For the sake of my experience, I decided to download Manjaro's Xfce edition for 64-bit computers. The download for this edition was 1.5GB in size and booting from the media presents us with the Xfce 4.12 desktop environment. Xfce is presented to us with the application menu, task switcher and system tray placed at the bottom of the screen. Icons on the desktop are available to open the Thunar file manager, a user manual, the HexChat IRC client and the project's system installer. The user manual is a 134 page PDF document that explains how to obtain a copy of Manjaro, install it, change settings and perform some common tasks. The HexChat application will, by default, open a connection to the Manjaro support channel so we can get help. Shortly after the Xfce desktop loads a welcome window appears. This welcome window supplies us with buttons we can click in order to get access to support, documentation and release notes.
Manjaro Linux 17.0.2 -- The Xfce application menu (full image size: 277kB, resolution: 1280x1024 pixels)
Manjaro uses the cross-distro Calamares system installer. The installer begins by asking us to select our preferred language from a list. We are then walked through selecting our time zone from a map of the world, confirming the keyboard's layout and partitioning the hard drive. Calamares has a fast and simple built-in partition manager that supports working with ext2/3/4, Btrfs, XFS, JFS, f2fs and Reiser file systems as well as LVM volumes. For my experiment with the distribution I decided to use the ext4 file system for my partitions. The Calamares installer then asks us to select a username and password for ourselves and copies the distribution's packages to our hard drive.

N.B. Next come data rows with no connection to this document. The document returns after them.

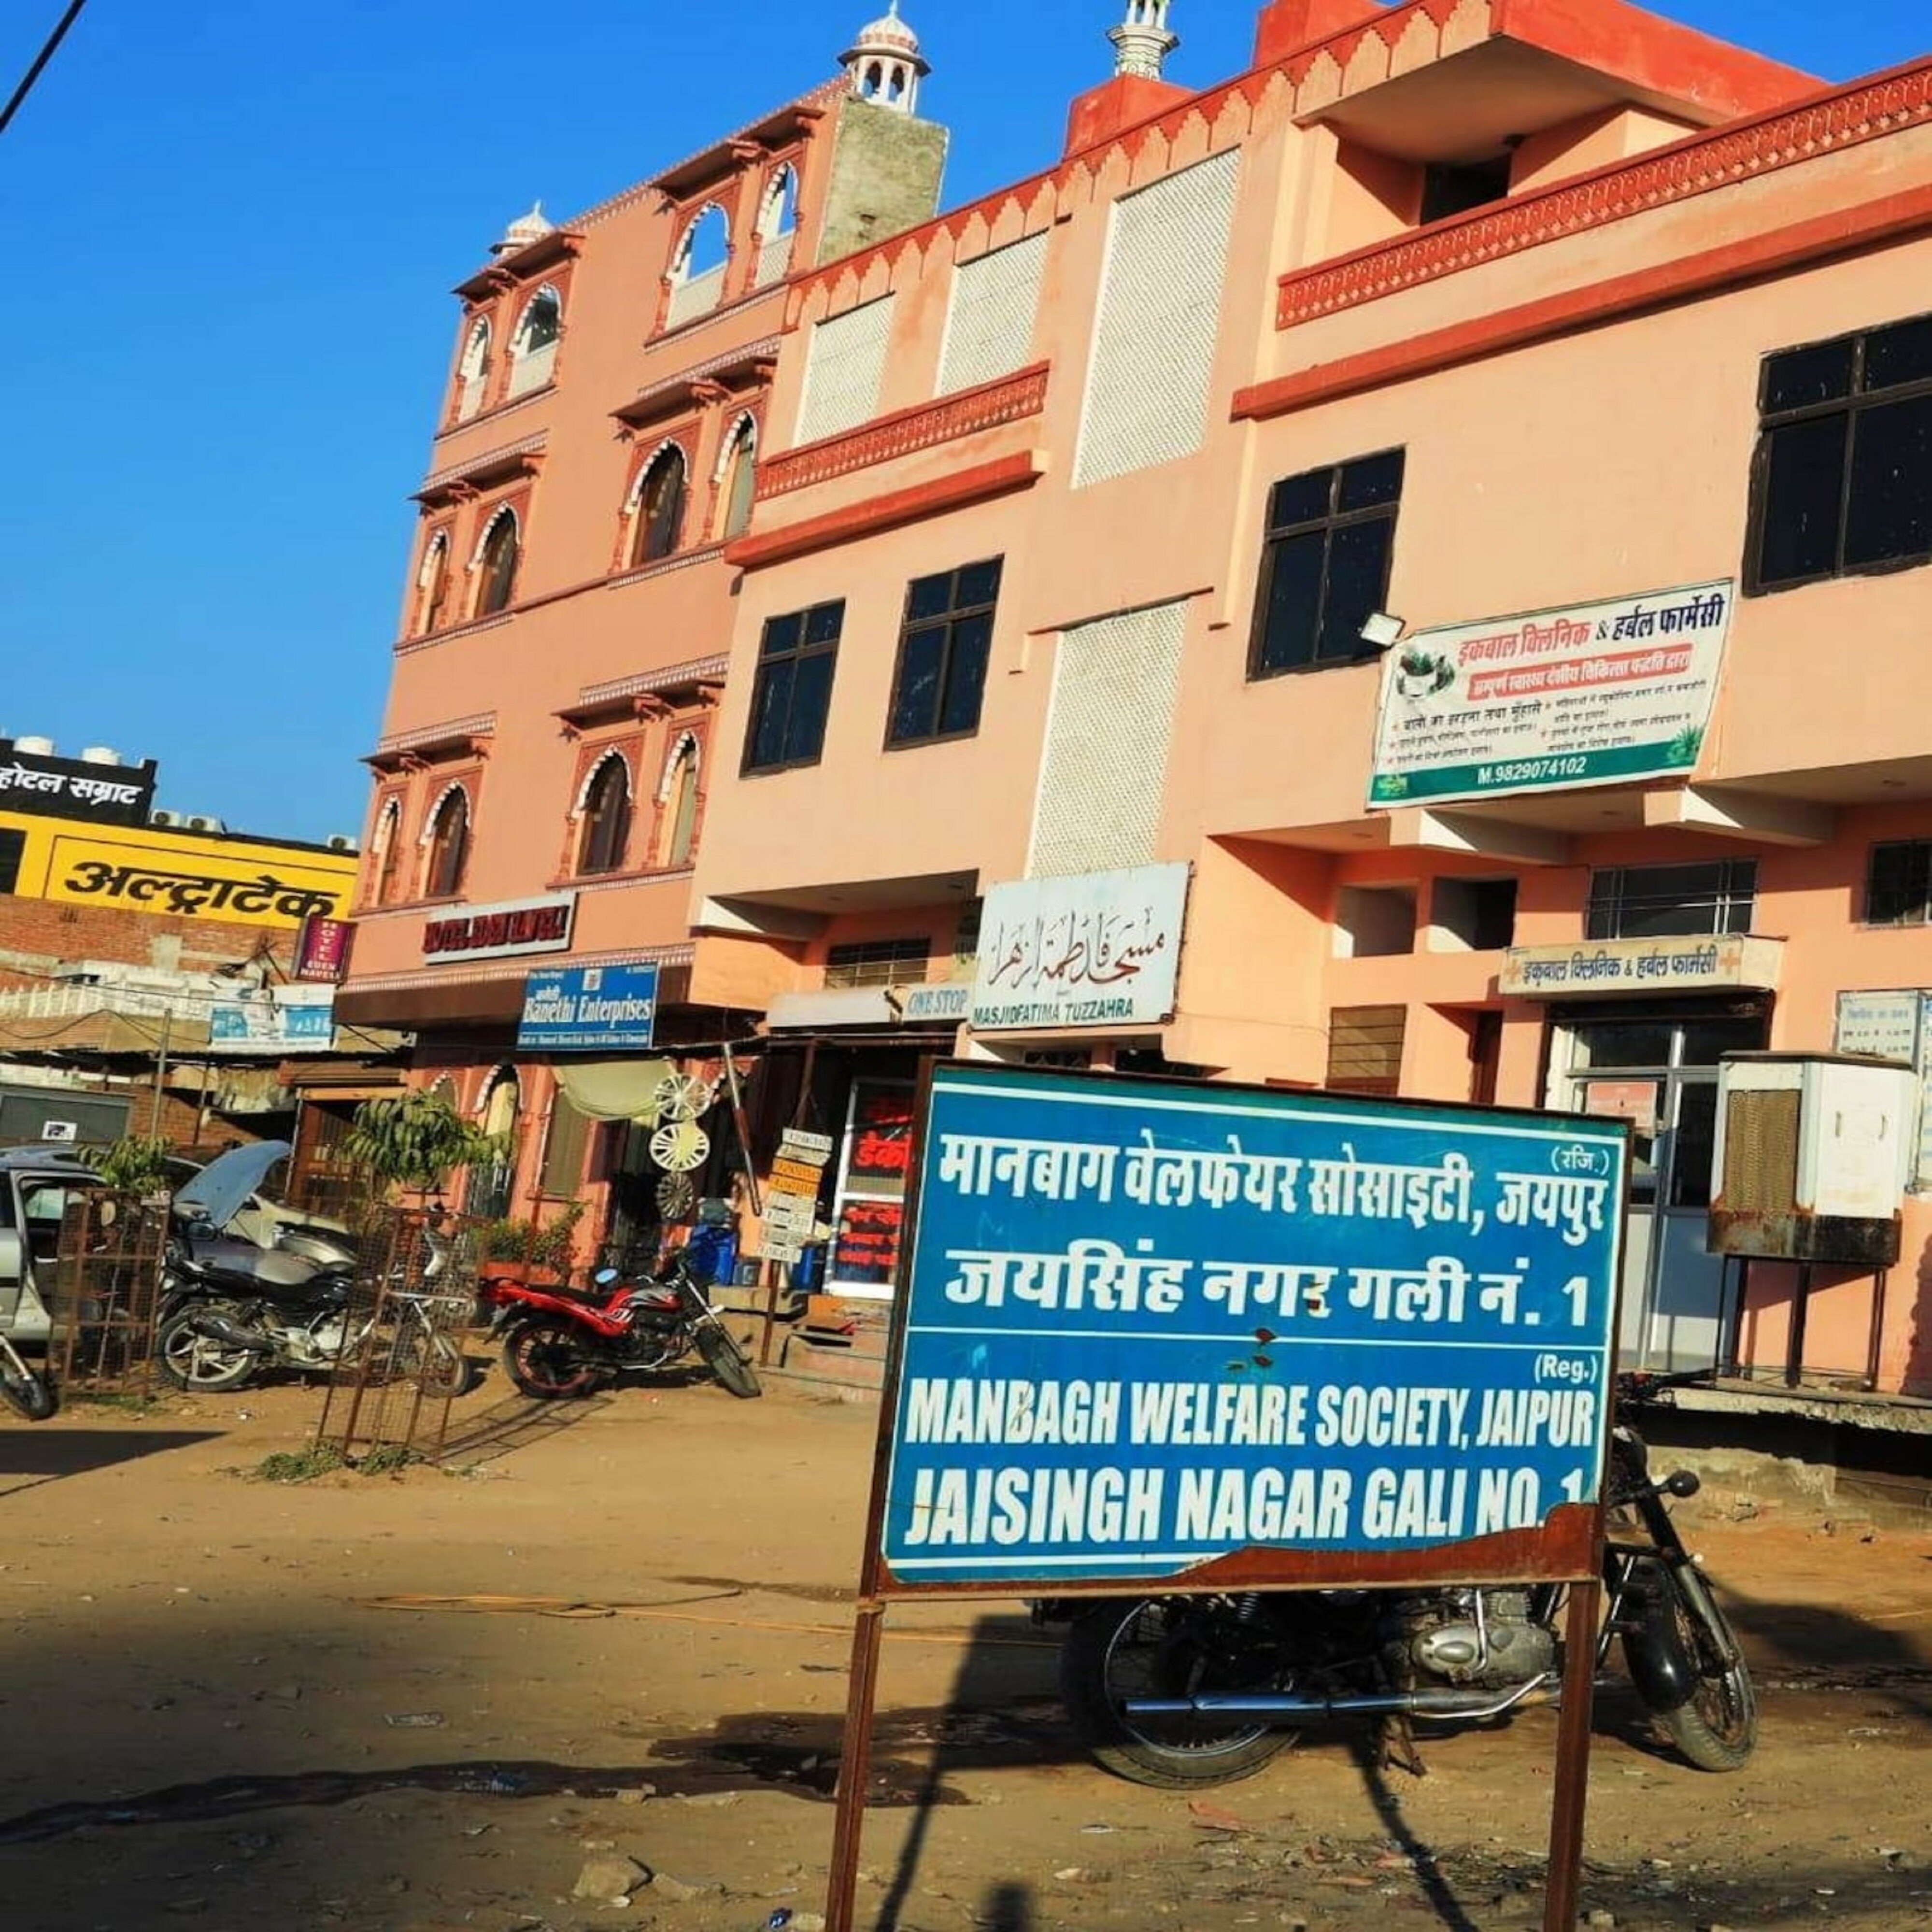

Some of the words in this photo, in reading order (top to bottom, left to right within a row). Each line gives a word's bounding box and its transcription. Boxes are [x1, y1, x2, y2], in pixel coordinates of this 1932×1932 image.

[1596, 620, 1609, 640] &
[1612, 605, 1657, 640] हर्बल
[1660, 593, 1725, 633] फार्मेसी
[0, 762, 67, 793] होटल
[69, 777, 143, 805] सम्राट
[1477, 756, 1586, 784] M.9829074102
[64, 862, 341, 919] अल्ट्राटेक
[577, 992, 652, 1029] Enterprises
[1065, 998, 1134, 1022] TUZZAHRA
[939, 1134, 1120, 1203] मानबाग
[1124, 1128, 1302, 1213] वेलफेयर
[1308, 1142, 1484, 1236] सोसाइटी,
[1496, 1171, 1608, 1246] जयपुर
[945, 1238, 1193, 1314] जयसिंह
[1202, 1261, 1338, 1319] नगर
[1348, 1256, 1472, 1322] गली
[1478, 1257, 1540, 1325] नं.
[1562, 1276, 1589, 1326] 1
[1534, 1354, 1598, 1384] (Reg.)
[904, 1378, 1122, 1444] MANBAGH
[1130, 1382, 1309, 1446] WELFARE
[1315, 1385, 1470, 1450] SOCIETY,
[1476, 1390, 1594, 1447] JAIPUR
[904, 1467, 1164, 1545] JAISINGH
[1174, 1467, 1352, 1541] NAGAR
[1362, 1467, 1467, 1539] GALI

The fresh, new copy of Manjaro boots to a graphical login screen where we can sign into our user account. Signing into my account launched the Xfce desktop again and presented me once more with the welcome screen. A few seconds after signing in, a green icon appeared in my system tray which was accompanied by a small notification window that told me there were software updates available. Clicking on the green icon opened a graphical update manager which displayed a list of available package upgrades along with their total size. We can click a box next to each update to enable or disable it. During my trial I performed two batches of updates, the first included 19 updates totalling 146MB and the second featured 25 updates totalling 111MB. Both groups of updates installed without any problems.
Manjaro features a graphical package manager called Pamac. The Pamac application displays a simple list of available applications in a pane on the right side of the window. On the left side we can provide search terms or category filters to narrow down the list of packages shown to us. Right-clicking on a package gives us the option of seeing more details about the selected software. We can click a box next to a package to mark it for installation or removal.
Manjaro Linux 17.0.2 -- The Pamac software manager (full image size: 829kB, resolution: 1280x1024 pixels)
People who prefer to use the command line can use the pacman software manager from a terminal. Both Pamac and pacman work very quickly. I find pacman's syntax to be relatively short and cryptic when compared against other package managers, but it is fast and worked well for me.
Manjaro is based on Arch Linux and can make use of the Arch User Repository (AUR) of contributed software. However, Manjaro draws binary software packages from the project's own repository servers.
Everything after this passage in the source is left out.